>>
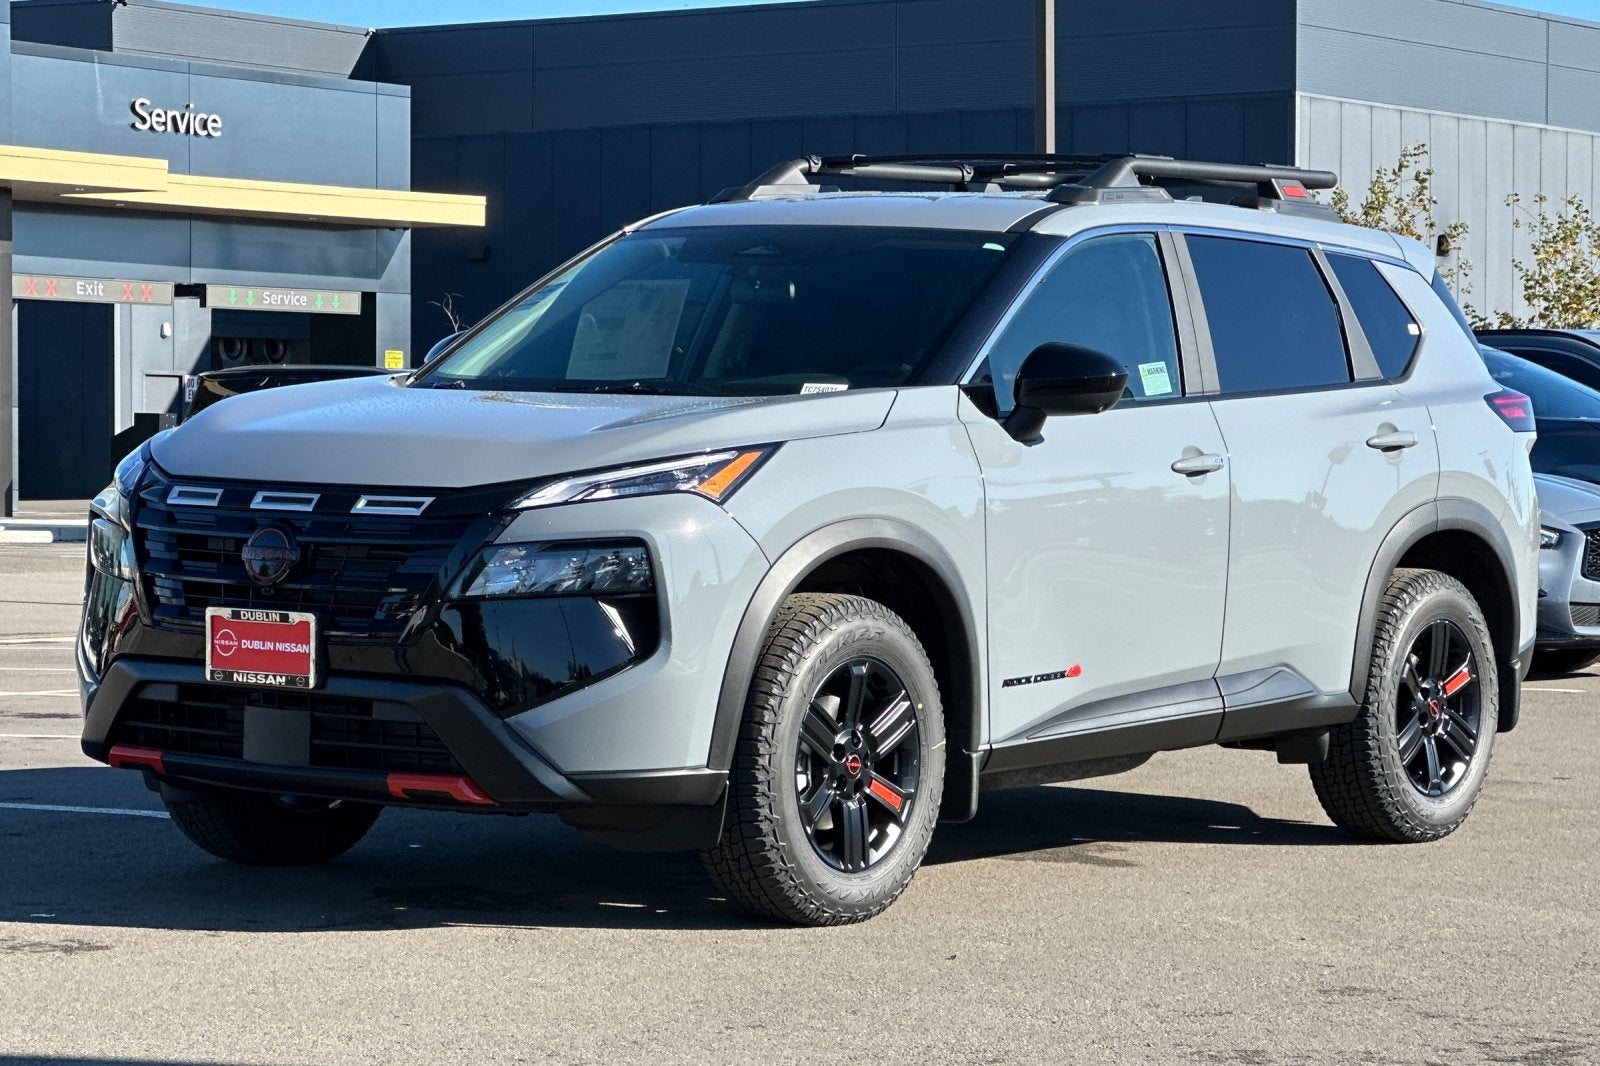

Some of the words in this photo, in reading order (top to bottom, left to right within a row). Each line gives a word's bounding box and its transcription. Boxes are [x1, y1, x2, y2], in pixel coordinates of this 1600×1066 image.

[134, 97, 223, 138] Service
[76, 281, 104, 297] Exit
[262, 291, 308, 306] Service
[1147, 366, 1167, 376] WARNING
[240, 610, 280, 622] DUBLIN
[241, 639, 274, 651] DUBLIN
[275, 642, 310, 654] NISSAN
[233, 672, 286, 686] NISSAN
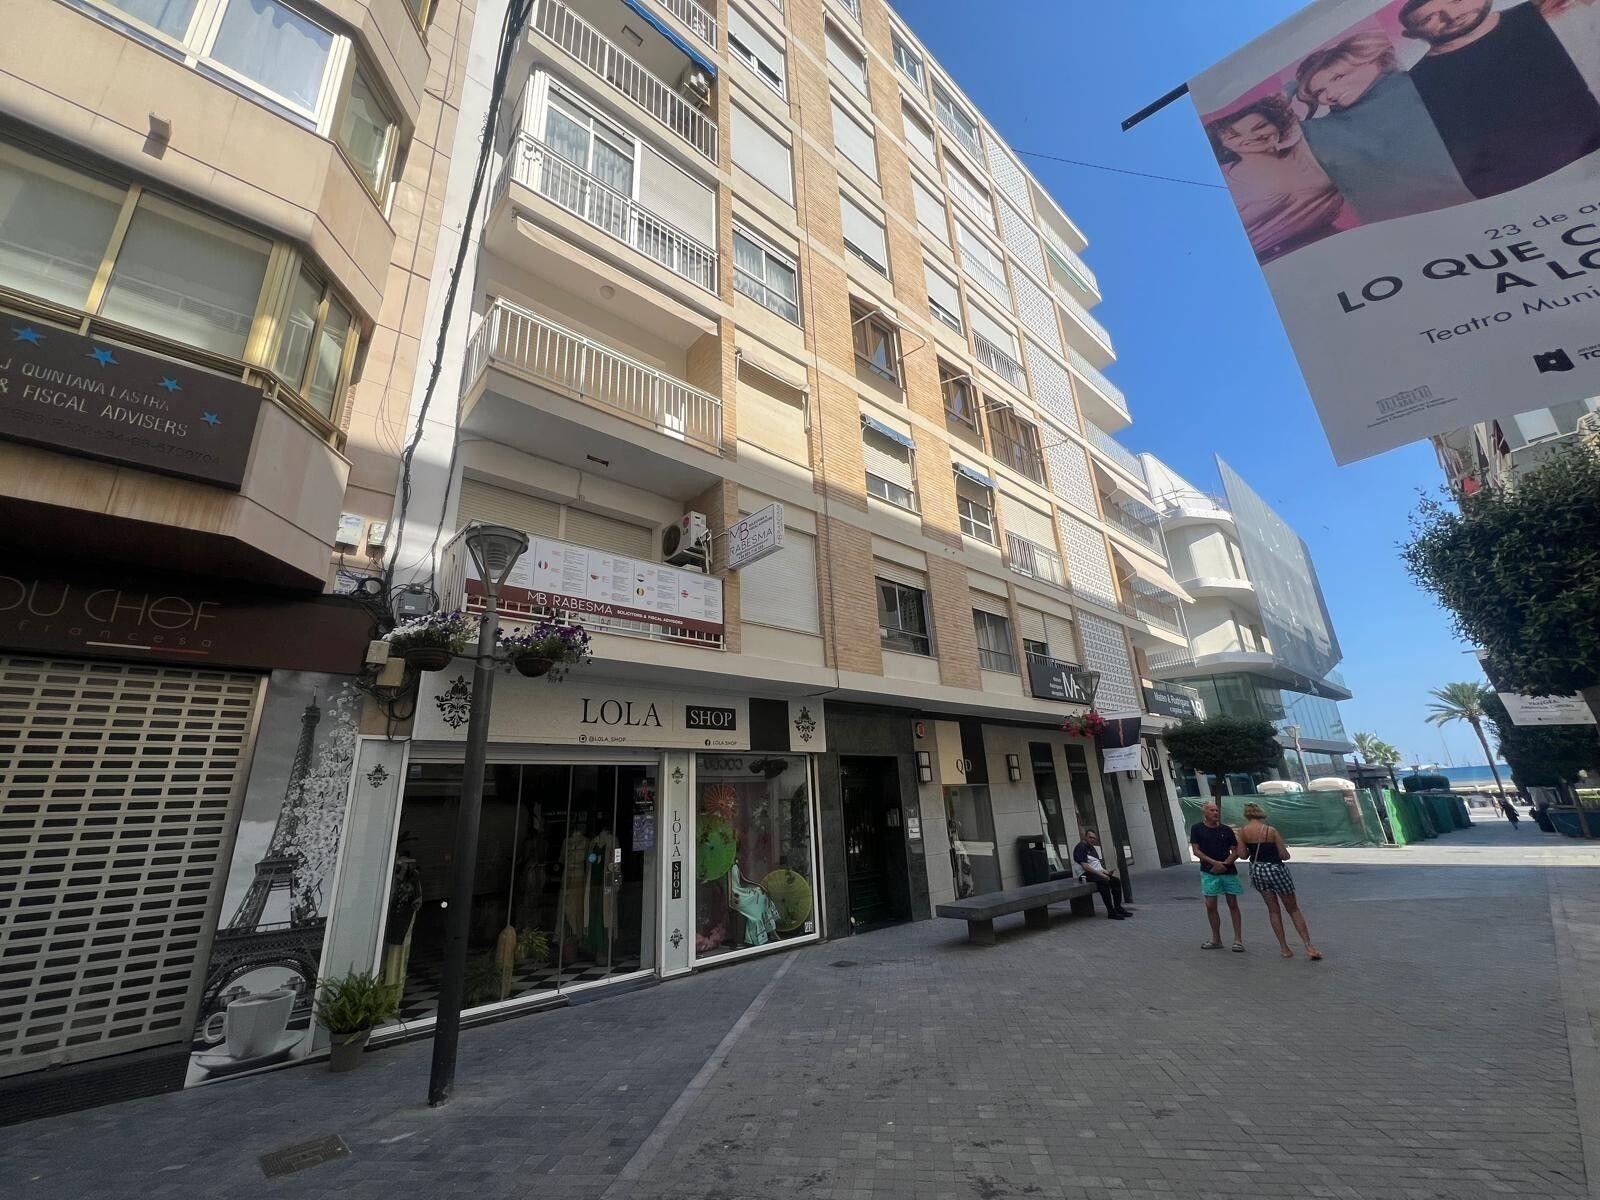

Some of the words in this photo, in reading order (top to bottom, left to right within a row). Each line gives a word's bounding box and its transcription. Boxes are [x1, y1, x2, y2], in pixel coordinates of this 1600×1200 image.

[1484, 223, 1521, 240] 23
[1532, 213, 1568, 228] de
[1578, 201, 1600, 214] a
[1337, 276, 1403, 313] LO
[1422, 240, 1545, 280] QUE
[1496, 271, 1539, 294] A
[1419, 311, 1513, 344] Teatro
[23, 384, 88, 413] FISCAL
[101, 404, 188, 437] ADVISERS
[730, 528, 773, 555] RABESMA
[527, 591, 548, 606] MB
[552, 595, 613, 615] RABESMA
[17, 619, 214, 648] francesa
[580, 698, 663, 728] LOLA
[690, 709, 732, 726] SHOP
[672, 810, 681, 858] LOLA
[672, 863, 680, 898] SHOP
<<
The material should be duplicated word for word, with no images included.

Some of the words in this photo, in reading order (top to bottom, left to right within a row). Each line gives a word's bounding box and its transcription. Boxes are [x1, y1, x2, y2], in pixel coordinates of this 1600×1066 image.

[134, 97, 223, 138] Service
[76, 281, 104, 297] Exit
[262, 291, 308, 306] Service
[1147, 366, 1167, 376] WARNING
[240, 610, 280, 622] DUBLIN
[241, 639, 274, 651] DUBLIN
[275, 642, 310, 654] NISSAN
[233, 672, 286, 686] NISSAN

Some of the words in this photo, in reading order (top to bottom, left to right within a row). Each line gives a word's bounding box and its transcription. Boxes are [x1, y1, x2, y2], in pixel coordinates of this 1600×1200 image.

[1484, 223, 1521, 240] 23
[1532, 213, 1568, 228] de
[1578, 201, 1600, 214] a
[1337, 276, 1403, 313] LO
[1422, 240, 1545, 280] QUE
[1496, 271, 1539, 294] A
[1419, 311, 1513, 344] Teatro
[23, 384, 88, 413] FISCAL
[101, 404, 188, 437] ADVISERS
[730, 528, 773, 555] RABESMA
[527, 591, 548, 606] MB
[552, 595, 613, 615] RABESMA
[17, 619, 214, 648] francesa
[580, 698, 663, 728] LOLA
[690, 709, 732, 726] SHOP
[672, 810, 681, 858] LOLA
[672, 863, 680, 898] SHOP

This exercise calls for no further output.